PROBLEM TO WORK ON
Write out every record below exactly, leaving the pictures out.

[RECORDS SHOWN — start]

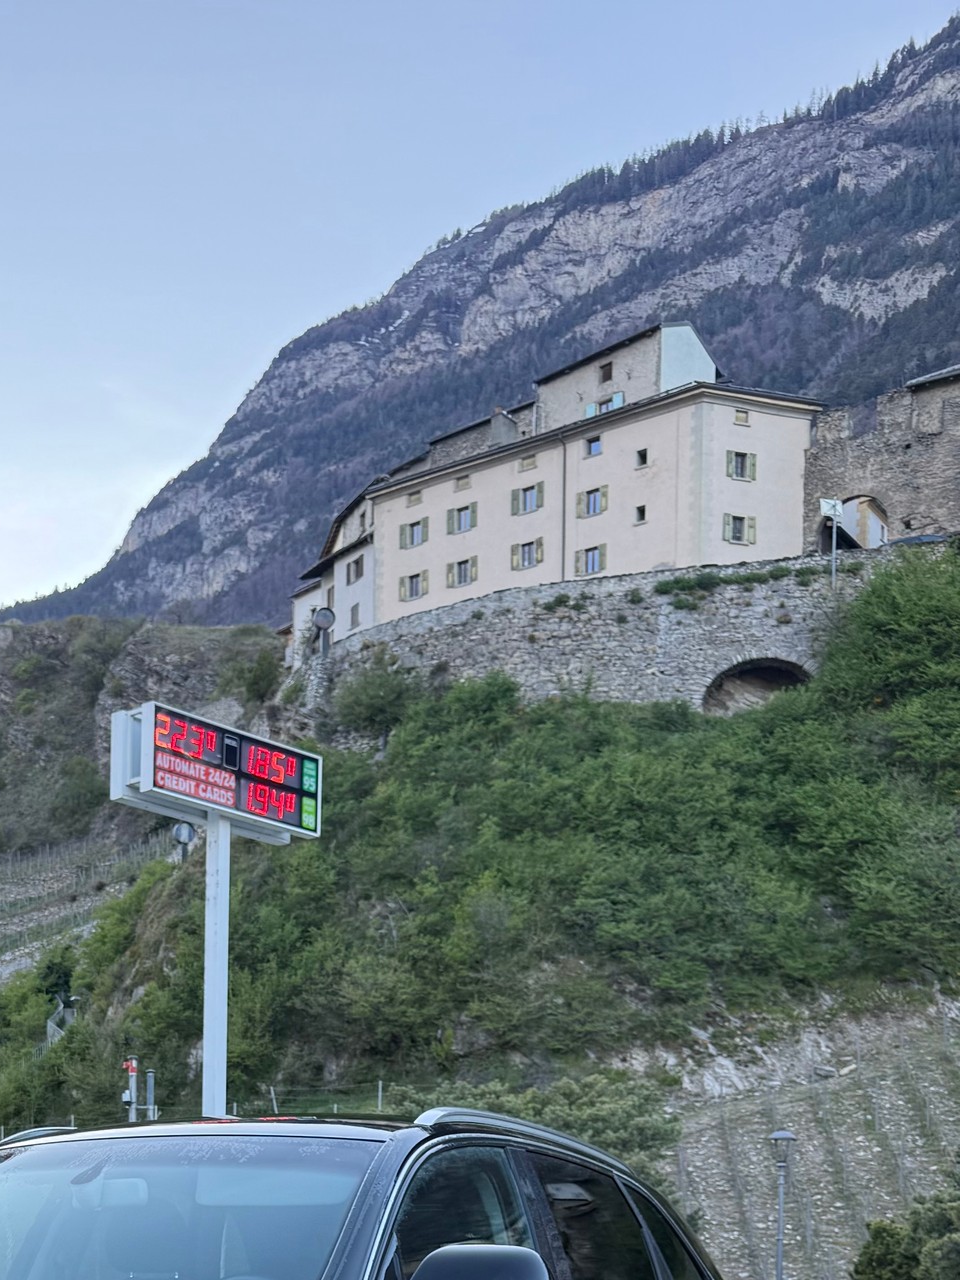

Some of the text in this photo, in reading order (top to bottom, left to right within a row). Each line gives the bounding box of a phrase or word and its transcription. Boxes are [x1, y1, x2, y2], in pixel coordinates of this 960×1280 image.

[156, 752, 236, 790] AUTOMATE 24/24
[303, 775, 317, 792] 95
[157, 771, 234, 805] CREDIT CARDS
[302, 813, 316, 830] 98
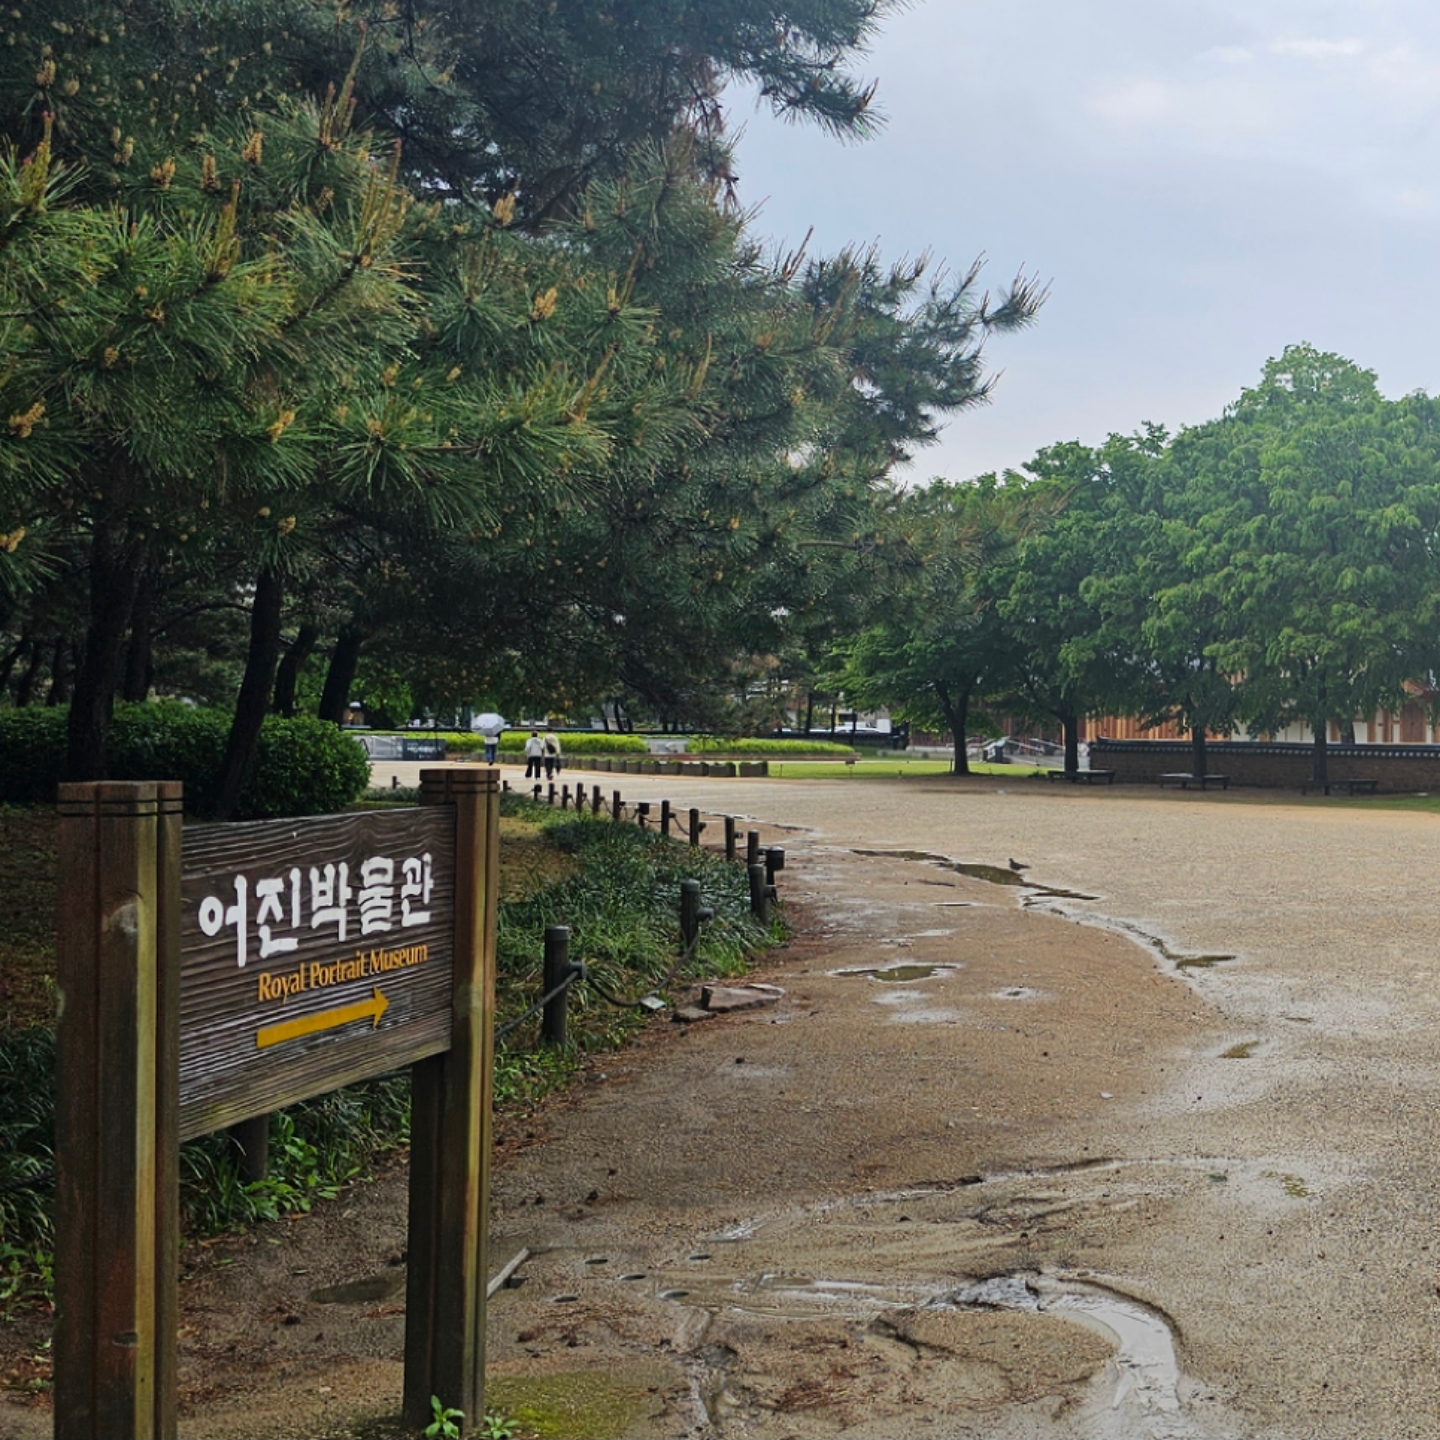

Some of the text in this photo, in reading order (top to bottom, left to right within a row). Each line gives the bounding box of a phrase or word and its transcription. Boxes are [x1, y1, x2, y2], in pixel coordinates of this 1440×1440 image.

[198, 852, 434, 968] 어진박물관
[258, 944, 428, 1004] Royal Portrait Museum

[RECORDS SHOWN — finish]

THE COMPLETED TASK
Some of the text in this photo, in reading order (top to bottom, left to right within a row). Each line gives the bounding box of a phrase or word and its transcription. Boxes are [x1, y1, x2, y2], in pixel coordinates of this 960×1280 image.

[156, 752, 236, 790] AUTOMATE 24/24
[303, 775, 317, 792] 95
[157, 771, 234, 805] CREDIT CARDS
[302, 813, 316, 830] 98

Some of the text in this photo, in reading order (top to bottom, left to right within a row). Each line gives the bounding box of a phrase or word and its transcription. Boxes are [x1, y1, x2, y2], in pixel coordinates of this 1440×1440 image.

[198, 852, 434, 968] 어진박물관
[258, 944, 428, 1004] Royal Portrait Museum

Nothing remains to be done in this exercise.